A second part of this tool integrates elastic and frictional strength solutions to provide an optimum solution with uncertainties at depths along the borehole. This tool allows including large number of points with wellbore failure for analysis in a shorter time frame.

In the first step of this method, an existing solution is used to provide a short-term solution, where the concept of friction equilibrium is used to estimate the horizontal stress and sub-surface rock properties.

The second step then uses an elasticity assumption to estimate the horizontal stress for a uniaxial case.

The software code then compares the uniaxial results to the results of the frictional equilibrium to determine the effect of tectonic forces and local variations in stresses due to faults and discontinuities. This method uses a percentile filtering concept to estimate the scaling factor to provide the optimum integrated solution for horizontal stresses. Final results of horizontal stresses are a mixture of solutions from the first and second parts. This method considers the discontinuities in the earth crust (the first part) and the stress accumulated in the earth before any wellbore failure.

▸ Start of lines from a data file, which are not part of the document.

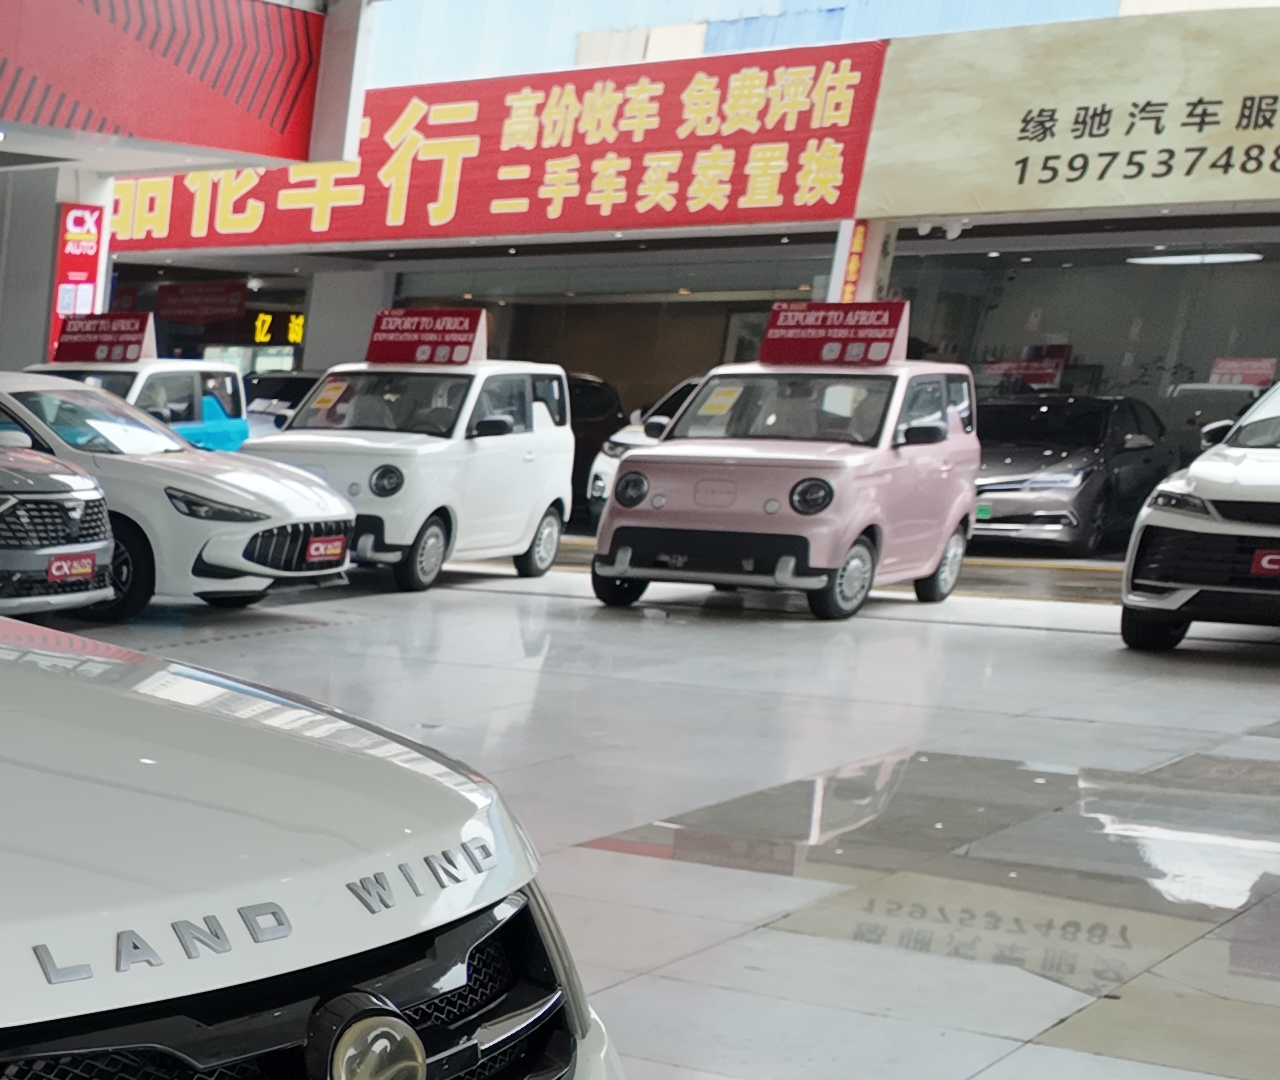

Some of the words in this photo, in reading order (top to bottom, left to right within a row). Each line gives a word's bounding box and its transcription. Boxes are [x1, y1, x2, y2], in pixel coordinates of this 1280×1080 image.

[500, 79, 666, 151] 高价收车
[675, 58, 861, 139] 免费评估
[1016, 95, 1280, 143] 缘驰汽车服
[489, 137, 845, 219] 二手车买卖置换
[65, 208, 100, 234] CX
[64, 241, 97, 256] AUTO
[380, 316, 418, 331] EXPORT
[418, 317, 433, 331] TO
[434, 317, 470, 331] AFRICA
[776, 310, 824, 326] EXPORT
[824, 311, 845, 326] TO
[844, 310, 890, 326] AFRICA
[51, 560, 70, 576] CX
[31, 900, 293, 985] LAND
[344, 836, 498, 915] WIND
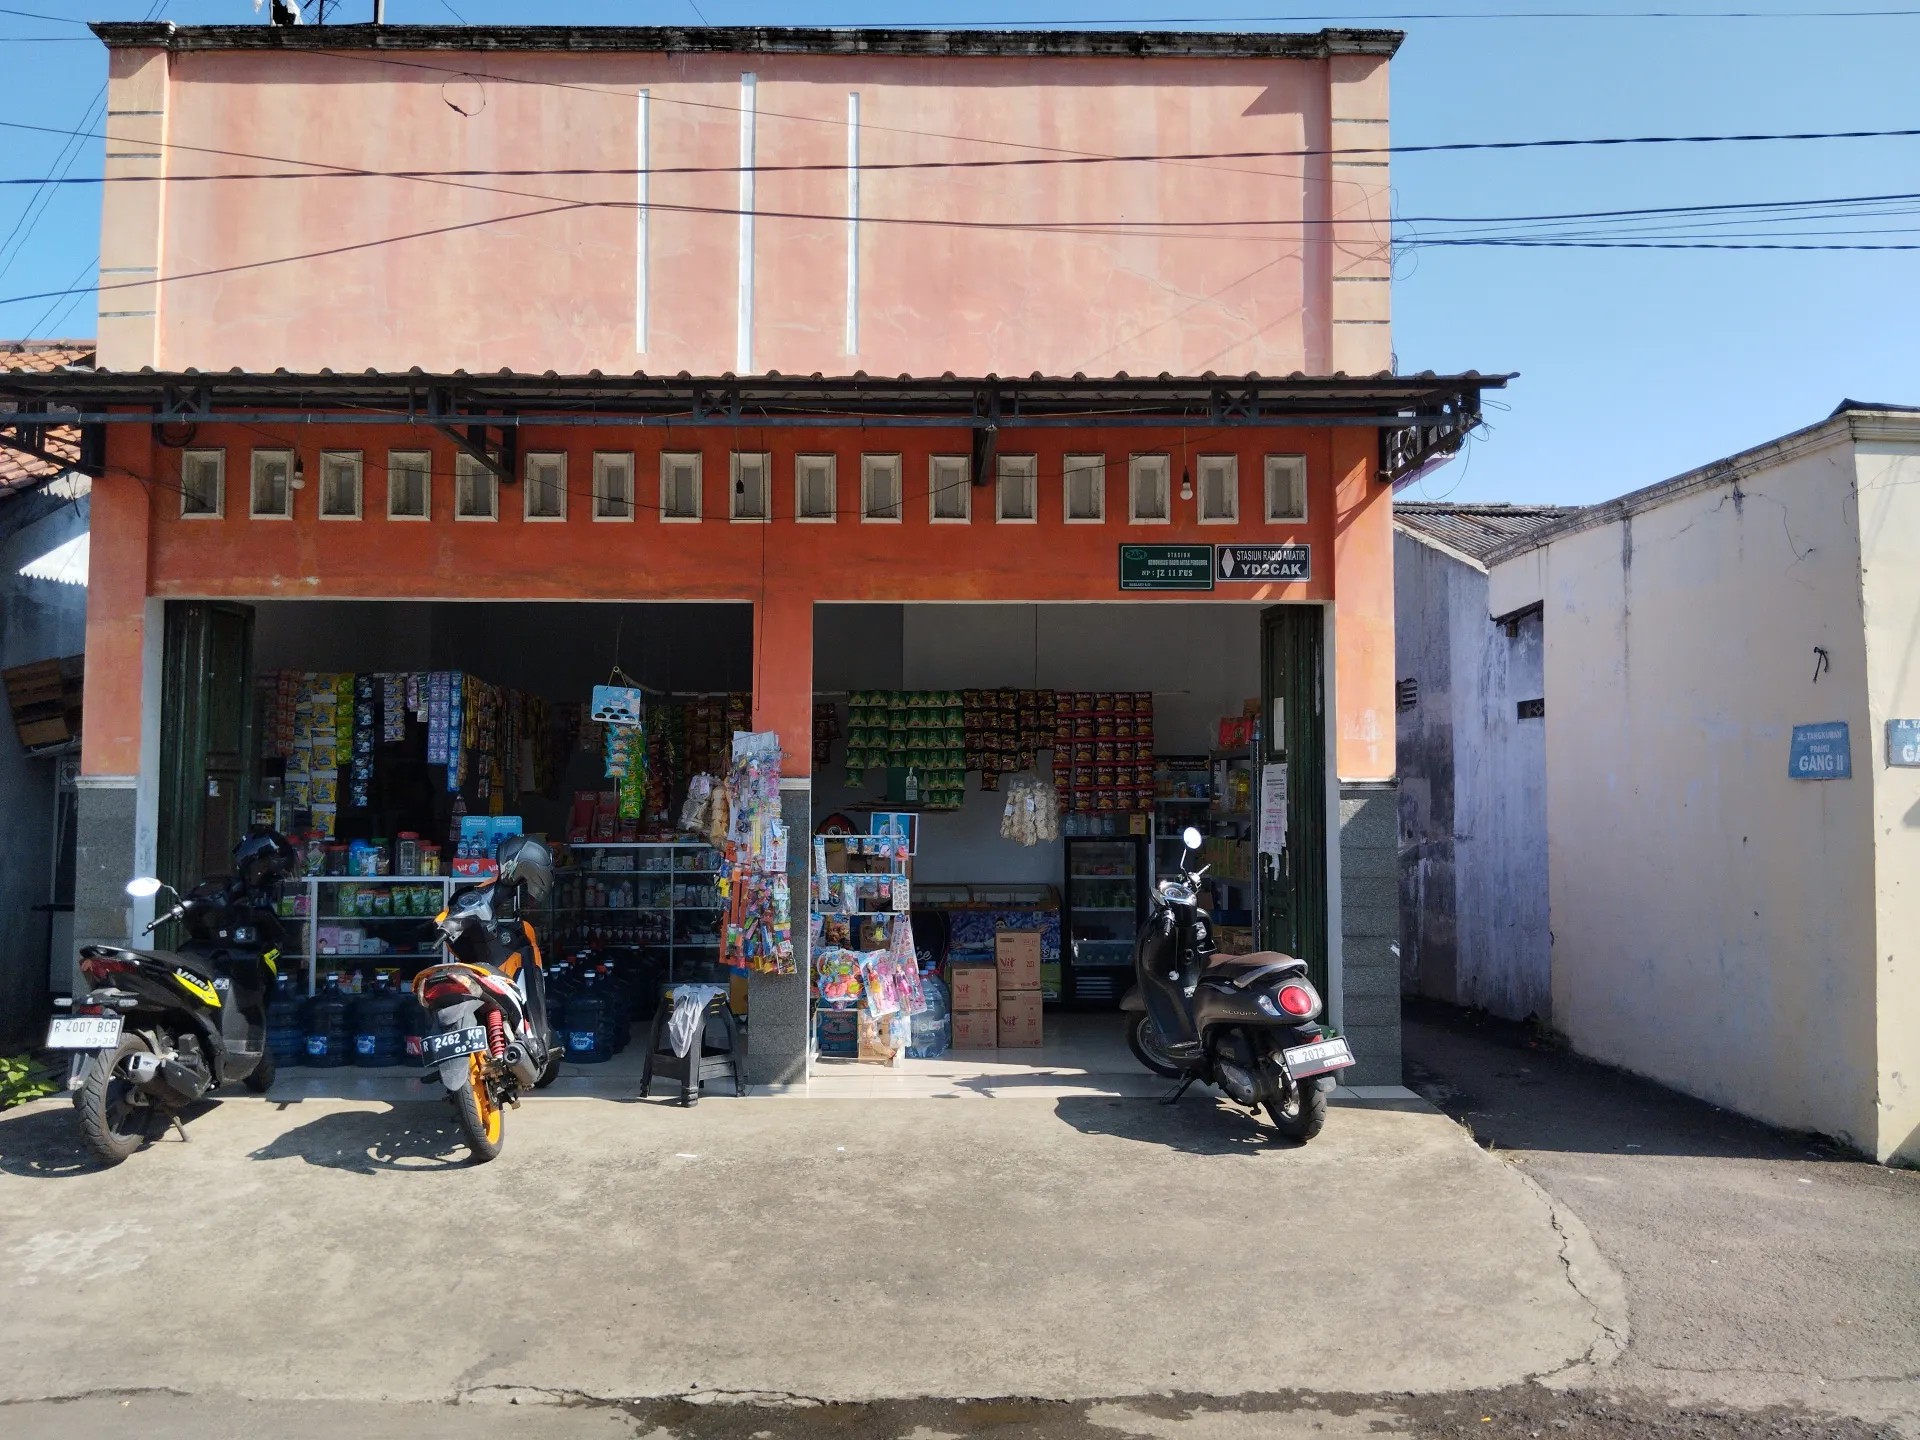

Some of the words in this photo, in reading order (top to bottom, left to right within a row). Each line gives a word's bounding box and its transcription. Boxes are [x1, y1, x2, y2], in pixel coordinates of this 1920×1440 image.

[1237, 551, 1260, 561] STASIUN
[1263, 550, 1282, 561] RADIO
[1283, 550, 1305, 561] AMATIR
[1156, 569, 1165, 579] JZ
[1178, 569, 1193, 577] FUS
[1241, 563, 1302, 575] YD2CAK
[1807, 730, 1842, 740] TANGKUBAN
[1799, 754, 1834, 771] GANG
[1000, 957, 1016, 968] Vit
[54, 1021, 61, 1033] R
[66, 1021, 92, 1033] 4007
[97, 1021, 117, 1033] BCB
[422, 1041, 429, 1052] R
[434, 1033, 460, 1049] 2462
[467, 1029, 482, 1040] KP
[1288, 1054, 1296, 1066] R
[1303, 1047, 1326, 1061] 2073
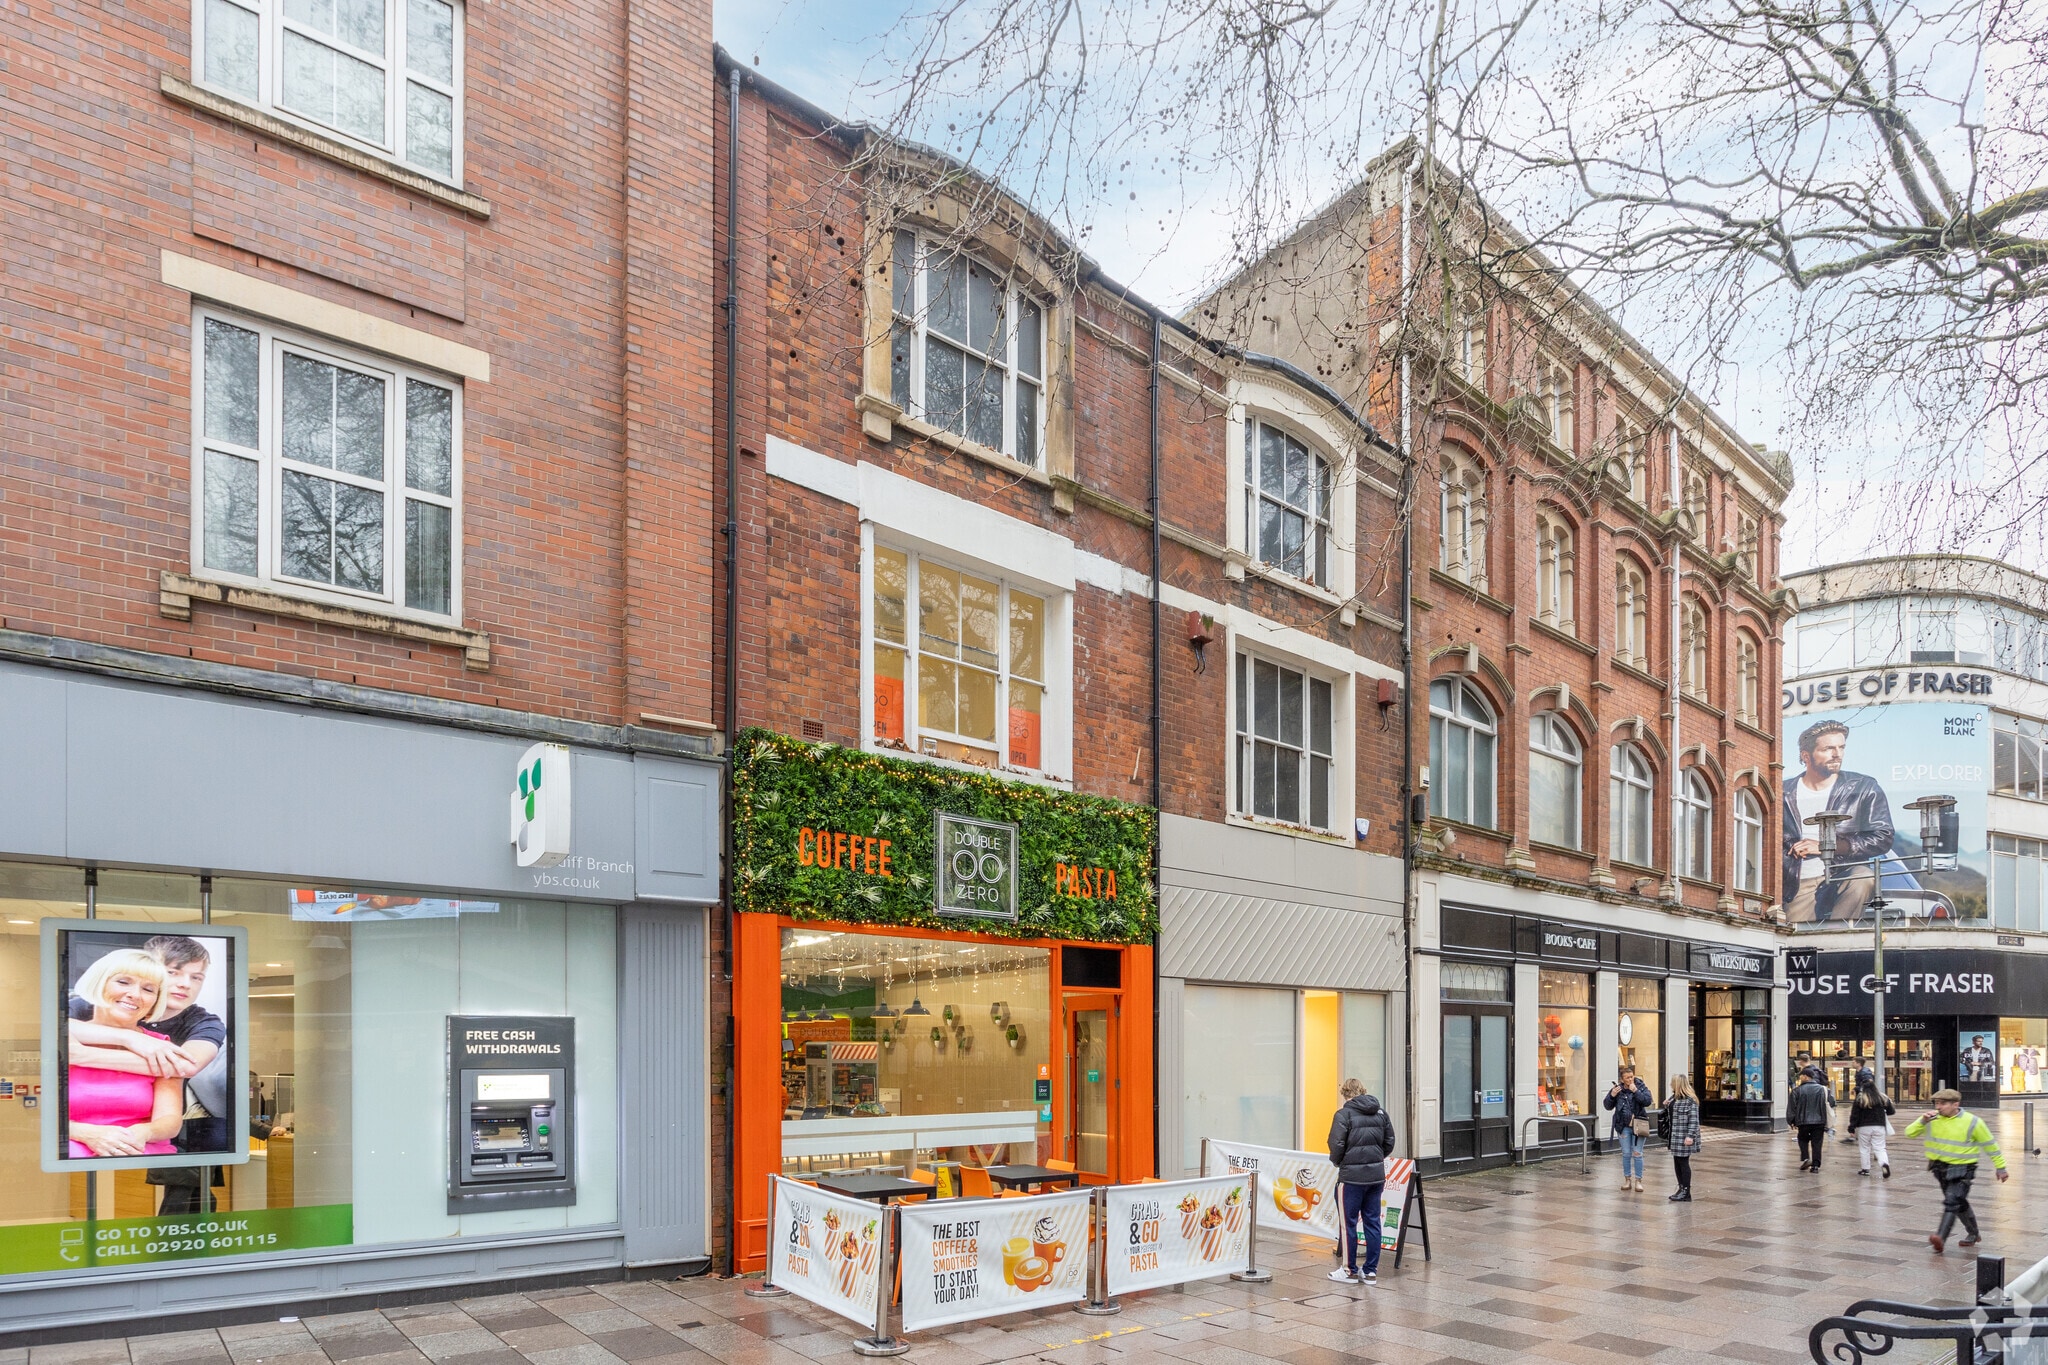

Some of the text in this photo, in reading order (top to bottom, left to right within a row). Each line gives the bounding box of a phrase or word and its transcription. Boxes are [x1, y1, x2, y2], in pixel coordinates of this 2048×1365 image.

In addition, an alternative theory is invented to obtain an optimum solution by integrating elastic stress solution with the frictional equilibrium solution. This method uses a function of uniaxial compressive strength to integrate these two solutions as shown below. In this case functions f1 and f2 below are independent to each other and determined by correlating difference between the uniaxial stress solutions to the frictional equilibrium solution.
S_H−αP_p=k(S_v−αP_p)+ƒ1(UCS)  (6)
S_h−αP_p=k(S_v−αP_p)+ƒ2(UCS)  (7)
wherein functions ƒ1 and ƒ2 are independent, UCS is uniaxial compressive strength, Sv is vertical stress, and P_p is pore pressure, S_h is minimum horizontal stress, S_H is maximum horizontal stress, α is Biot's coefficient and

$0<k=\frac{v}{1{-}_v}<1.$

The first part of the equations provides a uniaxial stress solution for an elastic behavior of the material and then non-elastic behavior is superimposed to obtain an optimum solution. Uniaxial compressive strength (UCS) is the property mostly linked to the micro- and macroscopic compressive failure of the rock and a function related to UCS should be able to define the non-elastic behavior of the total stress. Another advantage of this new concept is the availability of continuous UCS logs generated from sonic logs and calibrated using lab measurements. This continuity in UCS log provides a basis to integrate uniaxial stress solution generated using sonic logs with the frictional equilibrium solution available only in the limited points.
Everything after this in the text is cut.